O primeiro filho foi Simplício Pereira da Silva, casado com
Ana Joaquina Nunes, essa, filha do sesmeiro Aniceto Nunes da Silva e de Antônia
Lourenço de Aragão. Chegou ao título de Coronel da Guarda Nacional e foi o
maior desbravador daquela mata virgem. Tornou-se uma lenda em sua época, os seus
feitos são extensos, participou ativamente no sertão de várias convulsões
políticas que se sucederam após a abdicação de D. Pedro I. Sua história carece de
muitas páginas.
O segundo: João Pereira da Silva casou-se com Antônia de Sá e
era dono da Fazenda São Cristóvão em Belmonte. Terceira: Josefa Pereira da
Silva, que se casou com Joaquim Nunes da Silva, irmão das esposas de Simplício
e Manoel. Quarto: Antônio Pereira da Silva, casado com Constância Pereira da
Silva, dono da Fazenda Campo Alegre. Quinto: Francisco Pereira da Silva, casado
com Ana de Sá, fundador da Vila de São Francisco, avós de Sinhô Pereira e Luiz
Padre. O grande industrial João Pereira Santos, vem desse ramo. Sexto: Manoel Pereira
da Silva, casado com Francisca Nunes, irmã da esposa de Simplício. Foi a maior
figura do clã dos Pereira, chefe político da família, liderava o partido
Conservador no Brasil Imperial naquela região, era Comendador, Comandante
Superior das Ordenanças de Flores, Ingazeira e de Vila Bela e Coronel da Guarda
Nacional.
Faleceu em 1862. Foi o pai de Andrelino Pereira da Silva, o Barão do
Pajeú, o qual herdou a chefia política do pai. Andrelino foi o primeiro prefeito
de Vila Bela (1892-1895) Sétimo: Vitorino Pereira da Silva. Foi presidente da
Câmara Municipal de Vila Bela. Oitavo: Joaquim Pereira da Silva. Casou com
Severina Pereira Aguiar e em segundas núpcias, com Constância Pereira de Sá.
Ficou estabelecido no berço da família, ou seja, na Fazenda Carnaúba e era o
pai de Manoel Pereira Lins, o Né da Carnaúba. Esse ramo deu vários prefeitos de
Serra Talhada. Né Pereira era padrinho de Sinhô e primo legítimo do seu pai
Manoel Pereira da Silva, o “Manoelzinho da Passagem do Meio”. Nono: Sebastião
Pereira da Silva casado com a sobrinha, Januária Pereira da Silva, Irmã do
Barão do Pajeú, filha do seu irmão Manuel Pereira. Foi Capitão da Guarda
Nacional e em segundo casamento, desposou Maria Febrônea de Sá, que era filha
da sua sobrinha Manuela Pereira, filha do seu irmão Francisco. Teve 32 filhos.

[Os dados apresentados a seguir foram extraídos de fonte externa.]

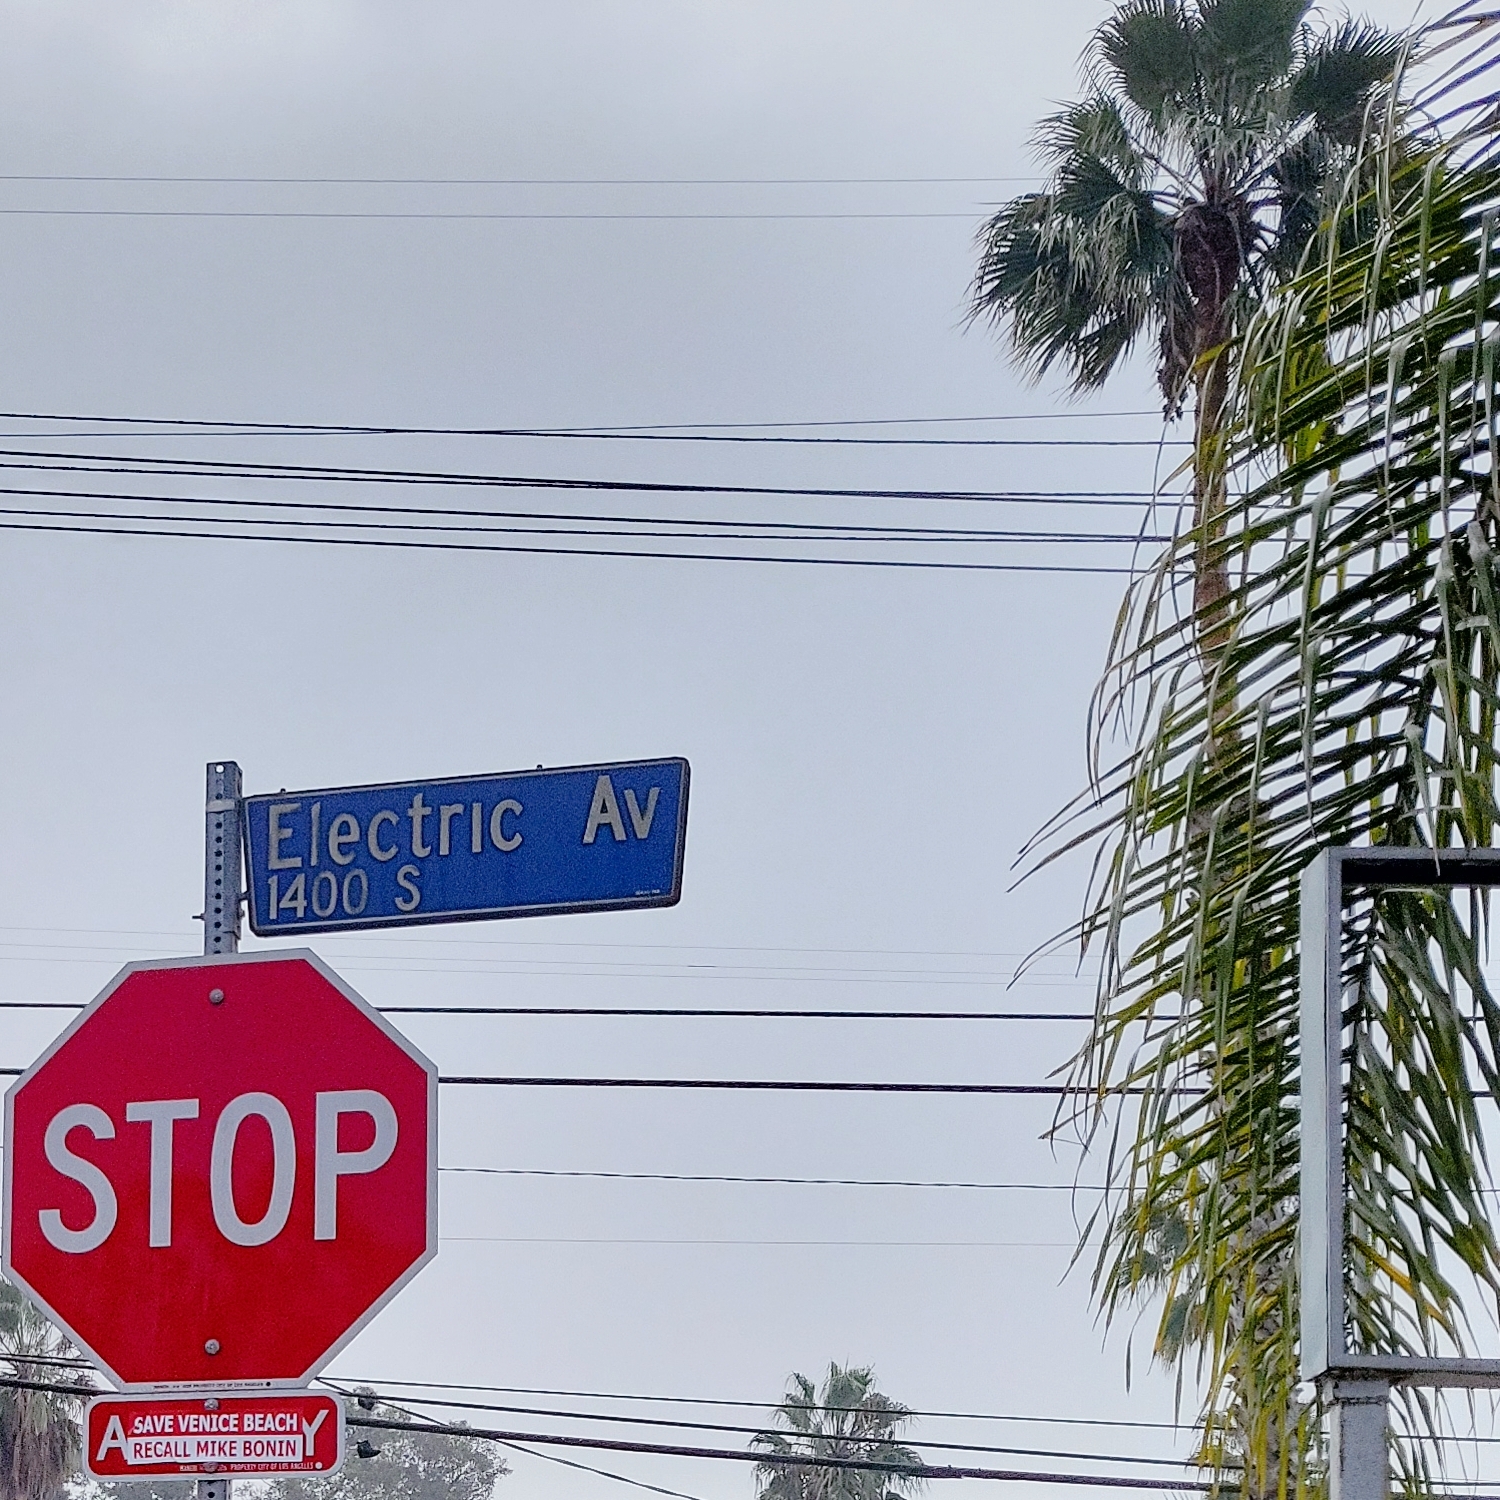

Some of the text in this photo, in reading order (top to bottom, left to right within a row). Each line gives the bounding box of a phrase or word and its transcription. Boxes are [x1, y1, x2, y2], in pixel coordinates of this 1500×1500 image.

Décimo: Alexandre Pereira da Silva, fazendeiro, o qual casou com Joana de Sá. Foi
morto pelos fanáticos do Reino Encantado ou Pedra Bonita em 1838. Onze:
Cipriano Pereira da Silva, solteiro, foi morto pelos fanáticos do Reino
Encantado ou Pedra Bonita em 1838. Local atualmente pertencente a São José do
Belmonte. Doze: Ana Pereira, se casou com Francisco Mariano de Sá. Treze:
Mariana Pereira da Silva (interdita).
Como se observa, na
primeira geração casou-se quase todos com as filhas e filho do casal José
Mariano de Sá e Quitéria Rodrigues do Nascimento. No caso, já eram primos pela
linhagem materna. A evolução da árvore genealógica desenvolveu-se
principalmente nos casamentos próximos, consanguíneos de primos com primas
basicamente. Porém, identifiquei cinco casamentos entre tio e sobrinha. Quais
sejam: Os dois casamentos do Capitão Sebastião Pereira da Silva, já citados
acima, o de Januária, filha do Barão do Pajeú, que casou com um irmão deste,
José Pereira da Silva, são os pais de José Simplício Pereira Sá (Pereirão), que
casou com a filha do Major José Inácio do Barro-CE, Virgínia Amélia Pereira de
Souza. A filha de Andrelino, (Barão) Francisca Pereira da Silva (Dona
Chiquinha), casou com o tio Manoel Pereira da Silva Jacobina, conhecido por
Padre Pereira, pais de Luis Padre. Ele era irmão da mãe dela, Maria Pereira da
Silva. Dos cinco filhos que tiveram, dois nasceram com problemas mentais. O
Filho do Barão do Pajeú, o Coronel Antônio Andrelino Pereira da Silva, casou
com Maria Pereira da Silva, conhecida por Marica, filha de sua irmã Generosa
Pereira da Silva. Essa consangüinidade facilitava o aparecimento de patologias
na geração seguinte, como: Doença mental, bócio, surdez e mudez.
Quero ressaltar aqui, que vários membros da família Pereira, tiveram união
matrimonial com Carvalho. Família também clânica e que se fixou naquela região
nos mesmos moldes dos vizinhos. Pereira e Carvalho no decorrer das décadas
seguintes desenvolveram-se como oligarquias fortes e com interesses comuns, ou
seja, a disputa pela hegemonia do poder político naquela região. Portanto, o
choque seria inevitável. Em novembro do
ano de 1848 na Comarca de Flores do Pajeú, eclode o primeiro conflito, dessa que
seria uma duradoura contenda. Em espaços alternados, vingou até o ano de 1922. Encerrando-se
quando o cangaceiro Sinhô Pereira abandona definitivamente a luta armada no
Pajeú das Flores, e “navega” para as longínquas terras de Goiás.
D. Chiquinha e Manoel Pereira da Silva Jacobina "Padre Pereira".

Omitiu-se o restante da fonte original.